I am working through your tutorial and unfortunately I obtain the following error at step 2, when using the polarizer.py script:

$ python polarizer.py c4c1im.zmat dca.zmat -f alpha.ff -q -id data.lmp -od data-p.lmp
  error: atom type C1 has different number of hydrogens attached in structure files

Do you have any advice on how to proceed? I am able to work through the example provided for setting up non-polarizable simulations with the fftool repo here, so I believe I am doing step 1 correctly.

Thanks very much for your help!
Will Pfalzgraff

Hello,
We appreciate that you are interested in using CL&Pol force field!

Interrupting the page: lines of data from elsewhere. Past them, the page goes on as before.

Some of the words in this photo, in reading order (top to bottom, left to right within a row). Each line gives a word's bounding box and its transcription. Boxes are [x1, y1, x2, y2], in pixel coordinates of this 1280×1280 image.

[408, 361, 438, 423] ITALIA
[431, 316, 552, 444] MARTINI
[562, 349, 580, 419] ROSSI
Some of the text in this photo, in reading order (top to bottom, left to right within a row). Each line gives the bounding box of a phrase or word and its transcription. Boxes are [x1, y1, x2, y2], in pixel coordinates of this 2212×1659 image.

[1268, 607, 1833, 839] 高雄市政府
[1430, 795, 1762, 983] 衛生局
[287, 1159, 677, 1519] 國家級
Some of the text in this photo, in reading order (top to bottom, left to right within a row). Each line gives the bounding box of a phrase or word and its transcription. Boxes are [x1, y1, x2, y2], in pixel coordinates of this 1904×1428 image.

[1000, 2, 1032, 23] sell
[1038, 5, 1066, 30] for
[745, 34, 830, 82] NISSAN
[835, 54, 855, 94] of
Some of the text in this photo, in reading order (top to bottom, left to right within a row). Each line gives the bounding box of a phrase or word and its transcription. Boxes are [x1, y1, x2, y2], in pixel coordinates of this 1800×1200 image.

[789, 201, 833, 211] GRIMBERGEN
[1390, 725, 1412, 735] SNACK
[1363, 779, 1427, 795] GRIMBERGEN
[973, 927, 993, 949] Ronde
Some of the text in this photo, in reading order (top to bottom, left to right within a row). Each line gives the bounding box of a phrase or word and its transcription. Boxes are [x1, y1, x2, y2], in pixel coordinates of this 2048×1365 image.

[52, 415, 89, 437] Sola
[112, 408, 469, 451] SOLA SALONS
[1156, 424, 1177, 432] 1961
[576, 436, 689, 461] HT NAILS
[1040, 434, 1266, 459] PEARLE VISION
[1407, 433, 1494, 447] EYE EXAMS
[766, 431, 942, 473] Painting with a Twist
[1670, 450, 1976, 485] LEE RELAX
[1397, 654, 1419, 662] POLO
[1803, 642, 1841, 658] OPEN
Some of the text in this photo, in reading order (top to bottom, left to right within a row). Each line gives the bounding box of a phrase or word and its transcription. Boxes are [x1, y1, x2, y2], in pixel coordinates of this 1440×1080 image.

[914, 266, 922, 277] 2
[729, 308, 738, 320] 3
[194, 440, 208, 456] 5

As it is mentioned in our paper, hydrogen atoms are not polarisable and their polarisability is merged into polarisability of the neighboring atom. This error means that there are two C1 atoms with different numbers of hydrogens attached, but the script requires a constant number of H for each atomic type.

In the original non-polarisable CL&P force field, C1 atom type corresponds to any C atom directly attached to NA atoms of the imidazolium ring, so C1 of CH3 group and C1 of C4H10 are identical. In the CL&Pol we kept C1 atom type for methyl group and introduced C1A type for any other longer side chain:

In c4c1im.zmat file of the pol-il/example folder we replaced C1 of the butyl chain by C1A one. However, we did not modify the files in fftool folder, so if you are using those ones, you need to modify them by yourself.

Feel free to contact us if you have any other questions.

Best wishes,
Kateryna

That helps! Thank you for the explanation.